### PROBLEM TO SOLVE
Reproduce every entry that follows word for word, but omit the images.

Image-backed grounding data
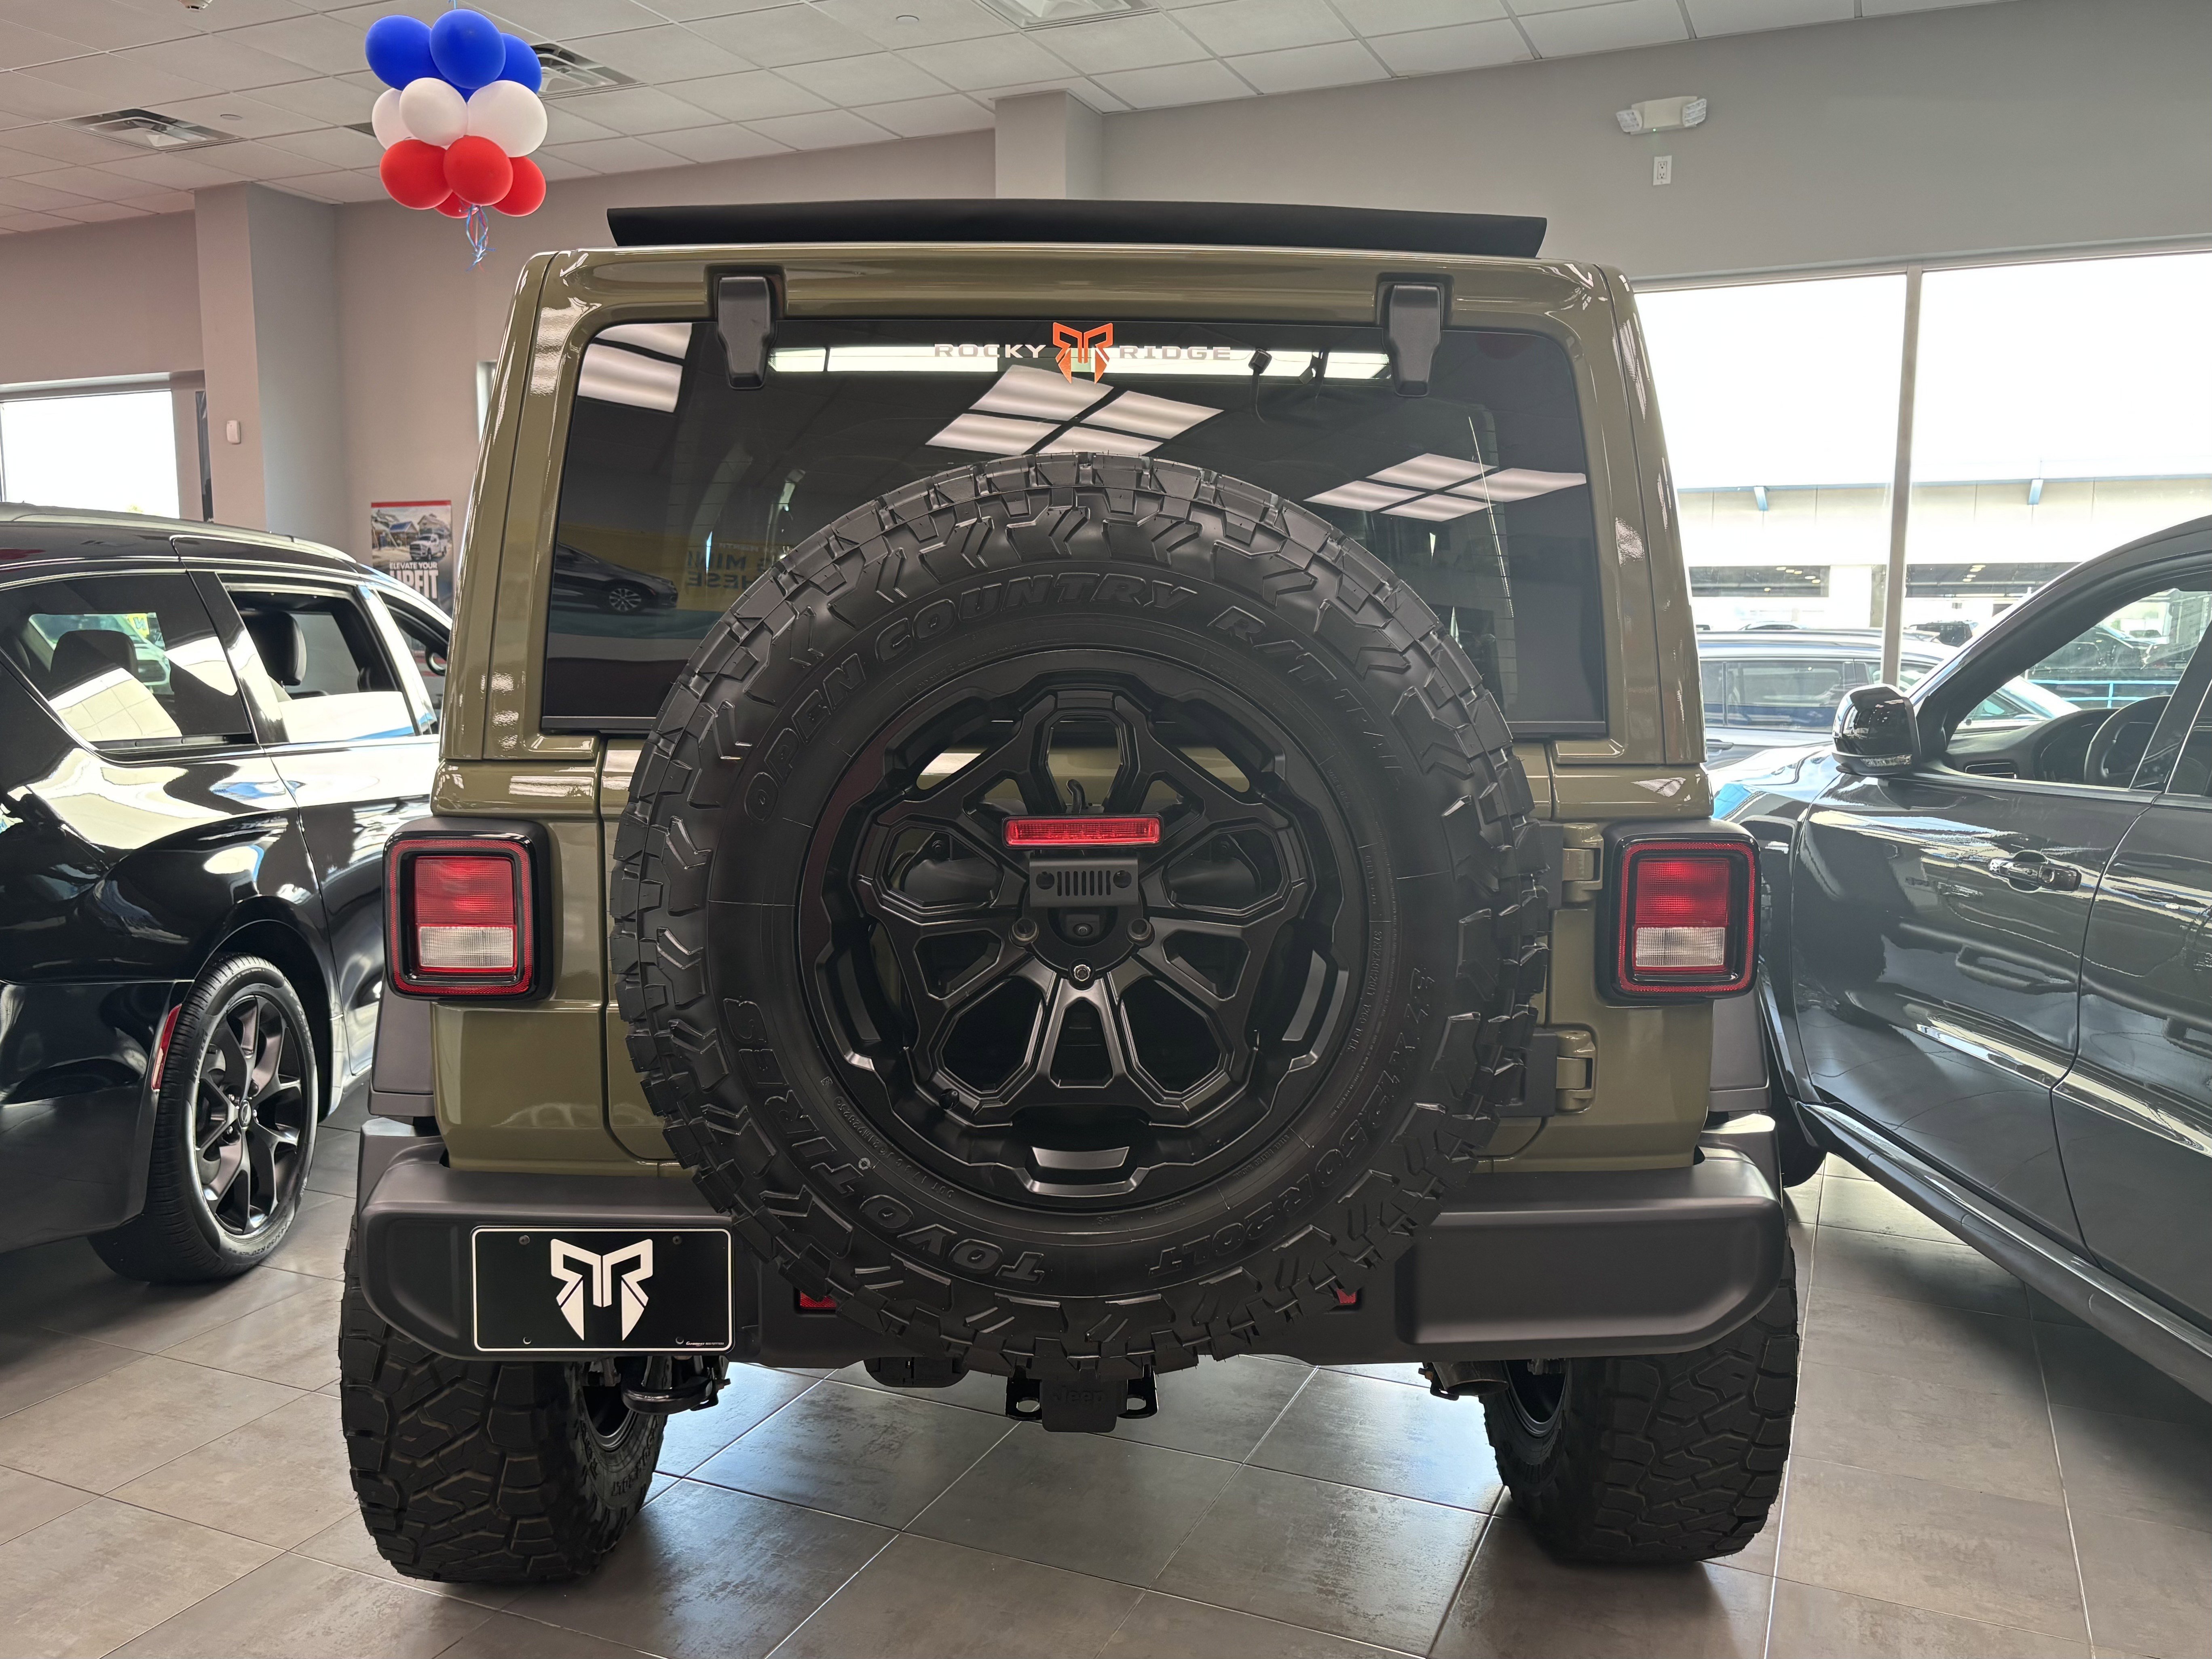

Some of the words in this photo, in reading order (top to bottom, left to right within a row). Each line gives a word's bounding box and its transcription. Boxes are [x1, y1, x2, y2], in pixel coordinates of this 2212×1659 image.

[934, 344, 1046, 359] ROCKY
[1119, 345, 1232, 361] RIDGE
[389, 562, 417, 570] ELEVATE
[418, 561, 437, 569] YOUR
[744, 653, 866, 822] OPEN
[874, 572, 1198, 664] COUNTRY
[1206, 605, 1338, 688] R/T
[723, 999, 864, 1197] TIRES
[858, 1194, 1044, 1284] TOYO
[1053, 1385, 1105, 1409] Jeep

### FINAL ANSWER
Some of the words in this photo, in reading order (top to bottom, left to right within a row). Each line gives a word's bounding box and its transcription. Boxes are [x1, y1, x2, y2], in pixel coordinates of this 2212×1659 image.

[934, 344, 1046, 359] ROCKY
[1119, 345, 1232, 361] RIDGE
[389, 562, 417, 570] ELEVATE
[418, 561, 437, 569] YOUR
[744, 653, 866, 822] OPEN
[874, 572, 1198, 664] COUNTRY
[1206, 605, 1338, 688] R/T
[723, 999, 864, 1197] TIRES
[858, 1194, 1044, 1284] TOYO
[1053, 1385, 1105, 1409] Jeep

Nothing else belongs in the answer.